In the Bible, there are multitudes of stories that include eating communally. What does Abraham do instantly after meeting God in Genesis 18? He prepares a feast and asks them to stay, rest, and eat. What does God instruct his people to do the night before they’re freed from Egypt in Exodus 12? Prepare a lamb, smear its blood on the doorways, cook the meat, and eat it together – expectantly, waiting for the Lord’s deliverance. What does David offer Mephibosheth in 2 Samuel 9? Many things, but the final and greatest thing is a place at his own table. This lame beggar, who can offer nothing to David and thinks of receiving nothing from him but wrath, is lavished with favor, blessing, and nourishment. What do the Jews do in Esther 9 after destroying their enemies? They feast and offer gifts of food to one another.  

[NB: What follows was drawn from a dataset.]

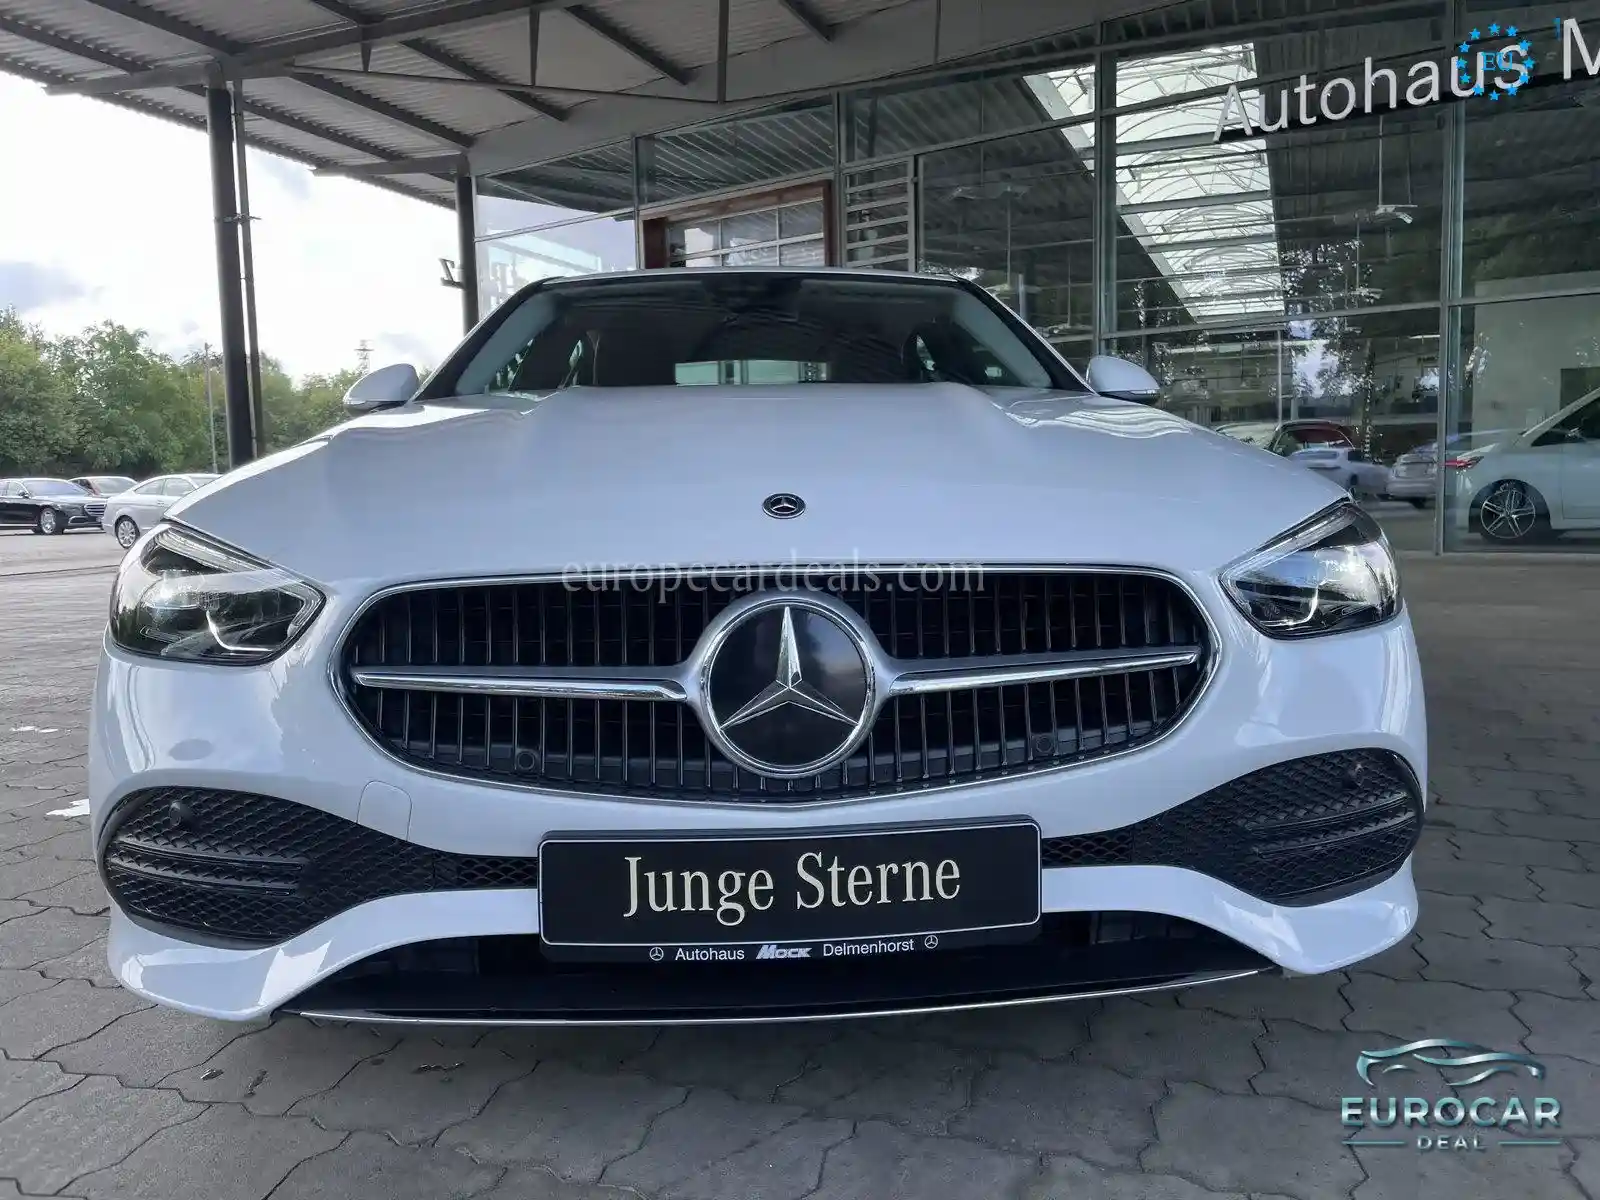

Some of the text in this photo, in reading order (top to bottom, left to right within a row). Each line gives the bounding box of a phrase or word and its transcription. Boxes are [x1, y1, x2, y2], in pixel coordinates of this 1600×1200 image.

As he does, Jesus naturally increases this all through the Gospels by meeting people’s physical and spiritual hunger. His literal first miracle in John 2 was to change water to the best wine at a celebratory wedding; in John 4, he promises an unnamed (but very important) woman that he will give her water that fills her up, such that she’ll never thirst again. He satisfies a great crowd’s longings for bread, but more than that, he satiates a deeper hunger they may not realize they had. The day afterwards, he invites those who received physical food to “work for the food that endures to eternal life” (Jn. 6:27). Before he goes to the Cross, he tells the disciples that he’s been wanting to eat with them (Luke 22:15); after his resurrection, he himself prepares food for them (Jn. 21:2, 13). 

Eating, Christian, is both work and rest. It is being nourished by Jesus, the bread of life, and it is working to invite others to come and feast at his table. There is much work to be done to prepare a meal (just ask Martha), but there is much reward in doing it together (Acts 2:42, 46-47). 

Eating in the Bible is something designed to remind us of our own physical needs, but it’s also a beautiful way to be part of the fellowship with the Lord. When we share food together, whether at a fellowship lunch or a life group supper, we must do it corporately (not virtually) – we must take up the same room, talking, praying, sharing. Giving food to another believer allows us to share in each other’s joys (a new home, a beautiful baby) or weep with someone who weeps (medical struggles, death, an unexpected hardship). Offering a meal to someone outside God’s family can open an evangelical door and show how God’s grace is freely given to us so we can freely give to others. In the Lord’s supper, we eat together to remember his life, death, and resurrection; we eat together as a body of believers to enjoy one another and the God who calls us to his table. 

And someday, someday very soon (Come, Lord Jesus), we will ALL eat together at a great wedding supper. And it will be exclusively because the Lord Jesus, like David did so long ago with Mephibosheth, has invited us to eat at his table. I’m anticipating that the wine and the butter will be exquisite.